2. Your partner and you are both wrong—and both right. When you have such polarized financial worldviews, the temptation is to label the other person as misguided or just plain wrong. The truth lies somewhere in the middle. My husband grew up in a totally different kind of household; my attitude toward money is no more correct than his. Where we fall on the spectrum depends a lot on temperament and early experiences. I didn’t really appreciate this truth when first starting out in our marriage. Coming from different ends of the universe, we now, at least, inhabit the same planet.
3. Difference of opinion is healthy because there are times when his extravagance needs to be reined in and times when my penny-pinching needs to be prevented from descending into stinginess.
4. Don’t hide your spending out of fear. Commitment to openness and honesty is paramount. That doesn’t mean you have a moral obligation to disclose every little purchase; however, those financial decisions you make now affect the marital unit. Therefore, it’s better your spouse hears you confess to your little splurges as they happen rather than read about them on a financial statement!
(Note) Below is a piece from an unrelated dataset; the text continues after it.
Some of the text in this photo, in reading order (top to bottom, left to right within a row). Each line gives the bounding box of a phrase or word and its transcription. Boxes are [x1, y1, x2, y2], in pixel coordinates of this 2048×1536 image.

5. Be patient. Managing joint finances can be especially challenging for newly formed couples because trust is still being established and boundaries negotiated. The idea that you are both a single unit—a “household”—can take months or years to get used to.
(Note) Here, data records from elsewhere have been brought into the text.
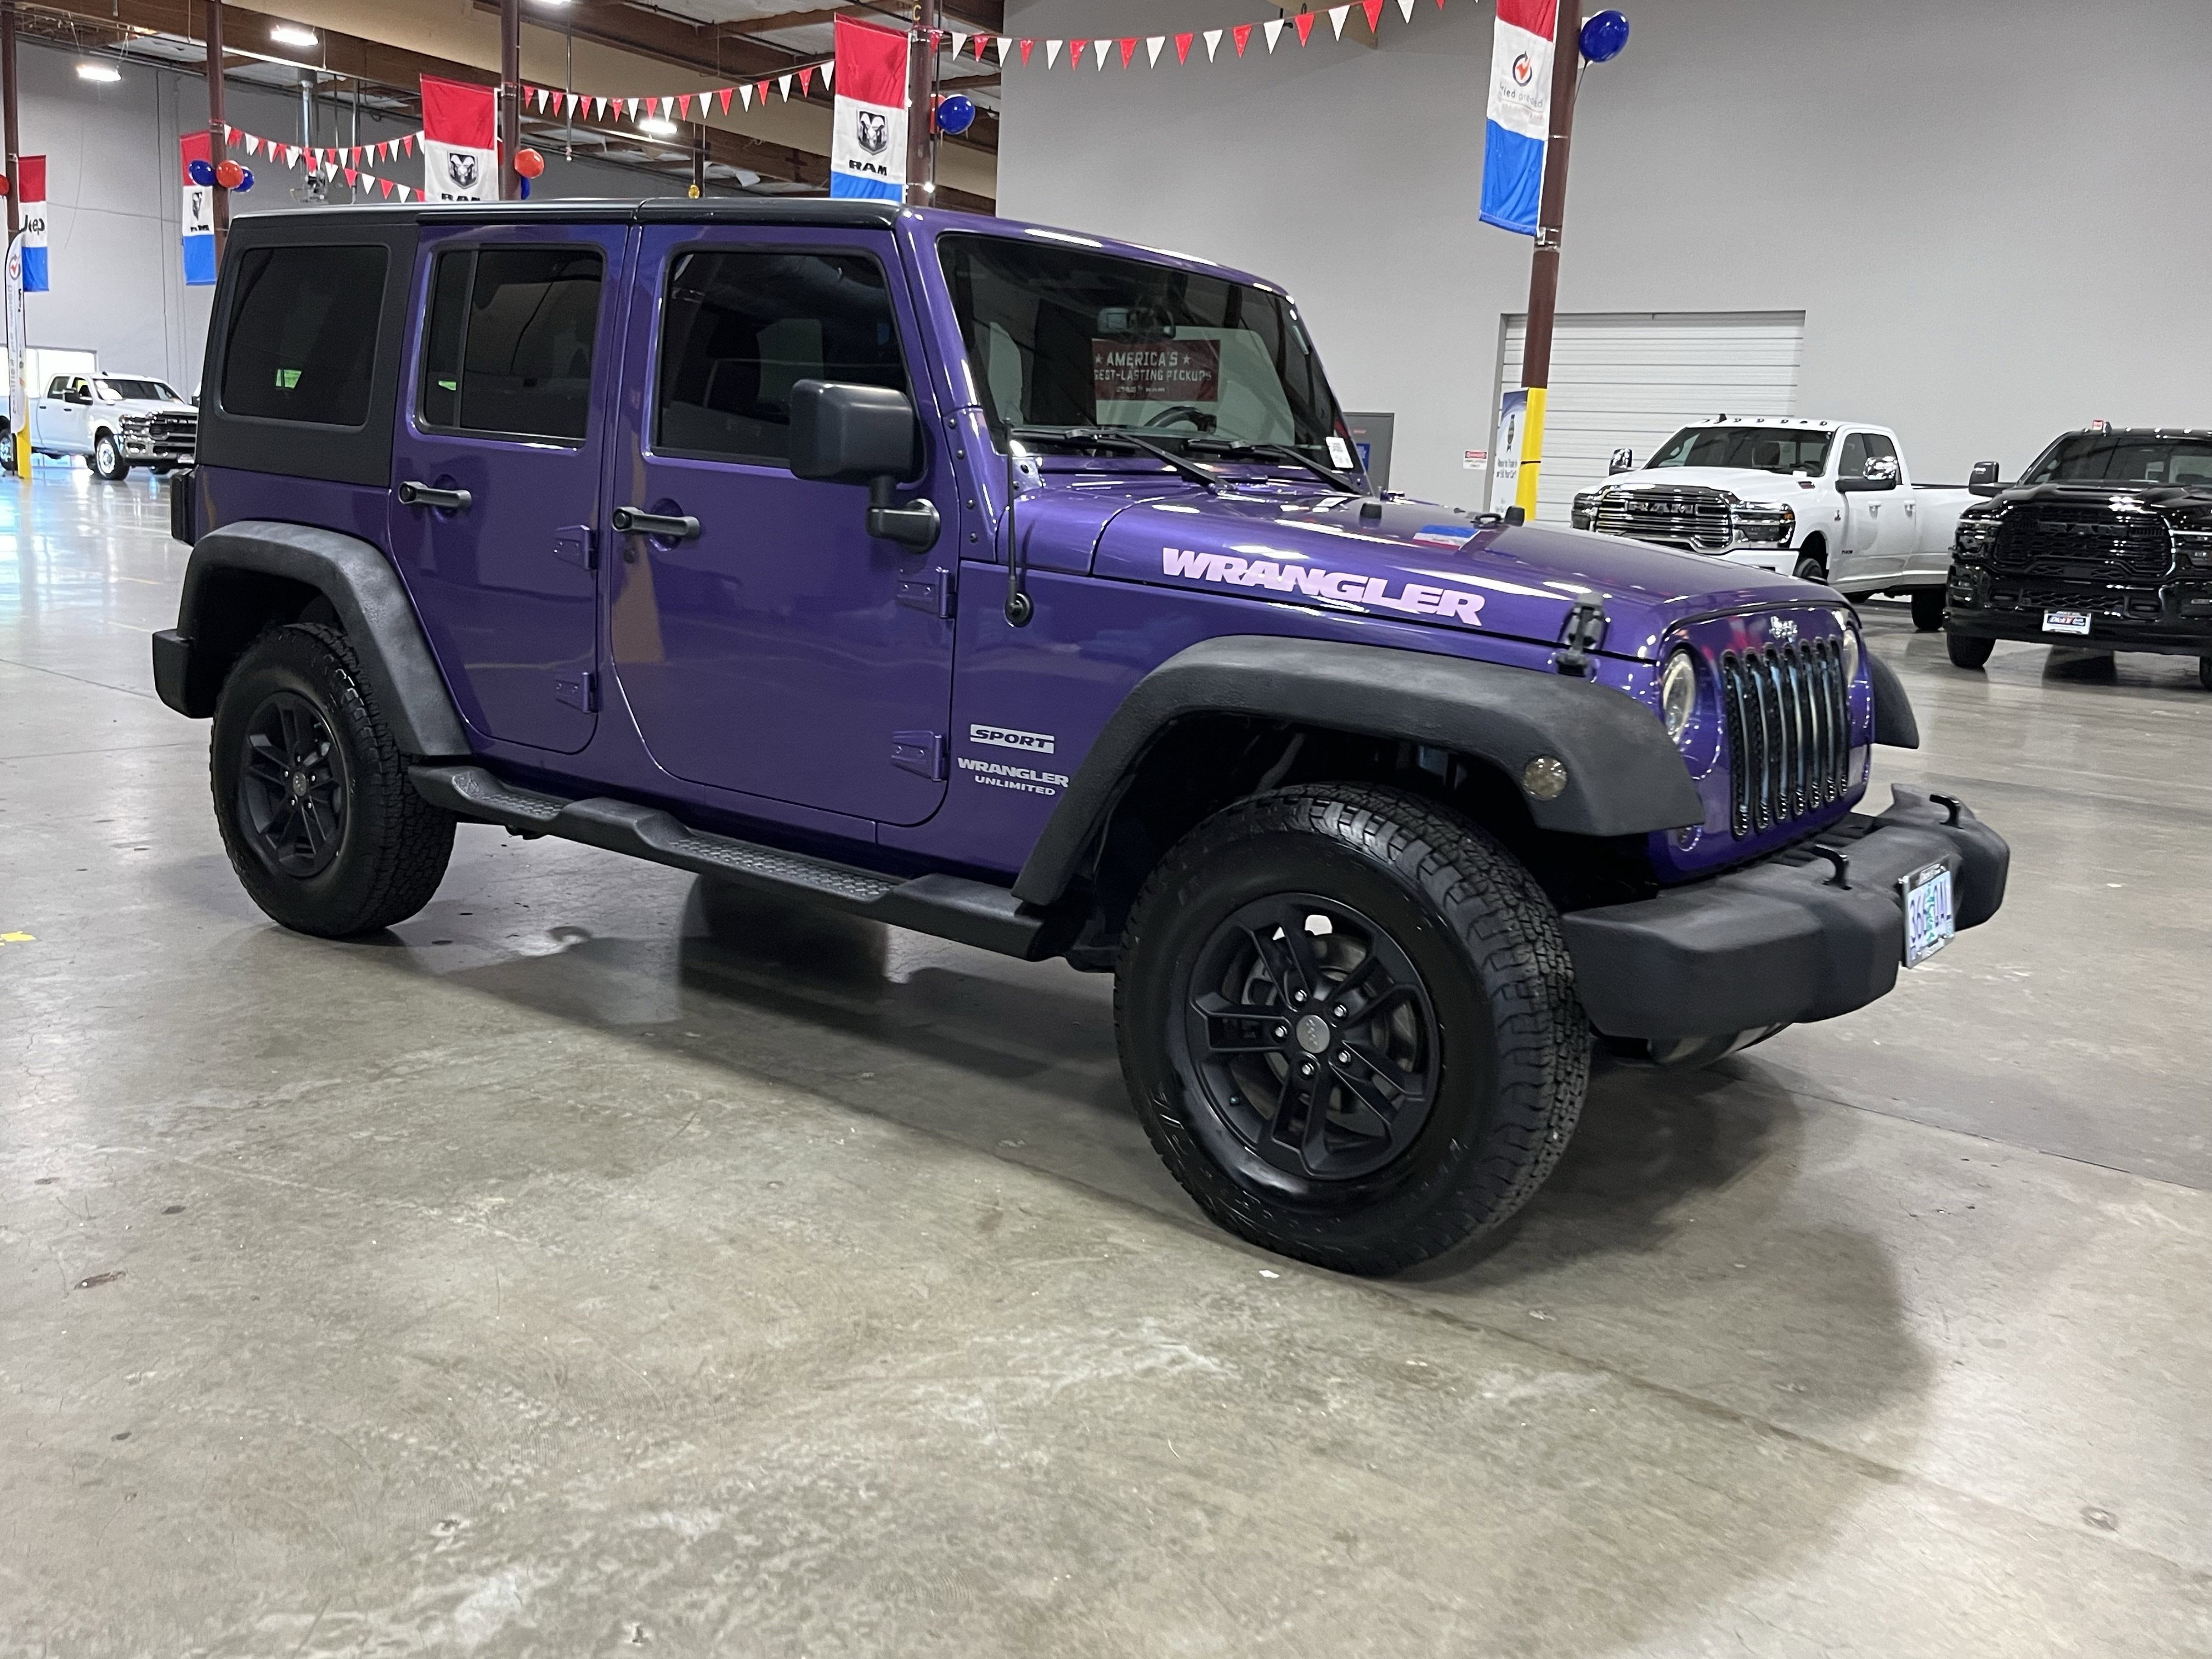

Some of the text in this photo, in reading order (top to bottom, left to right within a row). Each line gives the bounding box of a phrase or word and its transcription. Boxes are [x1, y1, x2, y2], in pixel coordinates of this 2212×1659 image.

[849, 159, 888, 176] RAM
[1107, 351, 1178, 367] AMERICA'S
[1628, 501, 1694, 515] RAM
[1163, 547, 1485, 627] WRANGLER
[970, 729, 1054, 748] SPORT
[957, 757, 1069, 788] WRANGLER
[974, 775, 1056, 795] UNLIMITED
6. Marry together some, but not all, of your funds. Establishing a “shared fund” for any bills you split can relieve the stress and pressure that may otherwise accompany the division of bills.
How to talk to your spouse about money problems
For a lot of women I know, the biggest hurdle is getting their partner to have a conversation in the first place. Strong feelings on the topic of money can easily get in the way, and negative emotions like anger and frustration can make civil conversation almost impossible. Your spouse might not even acknowledge the problem, causing you to feel unheard and unsupported.
If your significant other won’t engage, you can turn to outside help—someone you both respect—like a financial professional, whose impartiality and outsider’s perspective can help break the deadlock.
Or, try this simple but effective technique
Nonviolent communication (NVC) is one of those self-help buzzwords that developed in psychology over the past few decades but which I find to have real practical value. Central to NVC is the understanding that violent or aggressive communication is all too common between loved ones. It’s simply a style of communication that purposely avoids the confrontational, accusatory approach that can cause a partner to go on the defensive.
When I find myself getting frustrated with my husband’s latest purchase, I try to recall these four steps:
- Observe the situation objectively, without blame or moral judgment
- Identify the feelings that the situation brings up
- Dig deep to identify what needs are (not) being met
- Request actions that would better meet those needs
None of these steps is easy—they take some practice. And if your partner is on another planet, step 4 can be the hardest. The following script may help you break the ice by simply summing up your observations, feelings and needs, building up to a request:
By articulating your underlying feelings, you can help diminish their power to drive your behavior unconsciously, in destructive ways. Also, by revealing your feelings instead of listing what’s wrong with your partner, he or she may feel less attacked and get more insight into how important the issue is to you.
After all, we don’t really occupy different planets, no matter how different our attitudes toward money. With a bit of effort, we can learn to understand each other.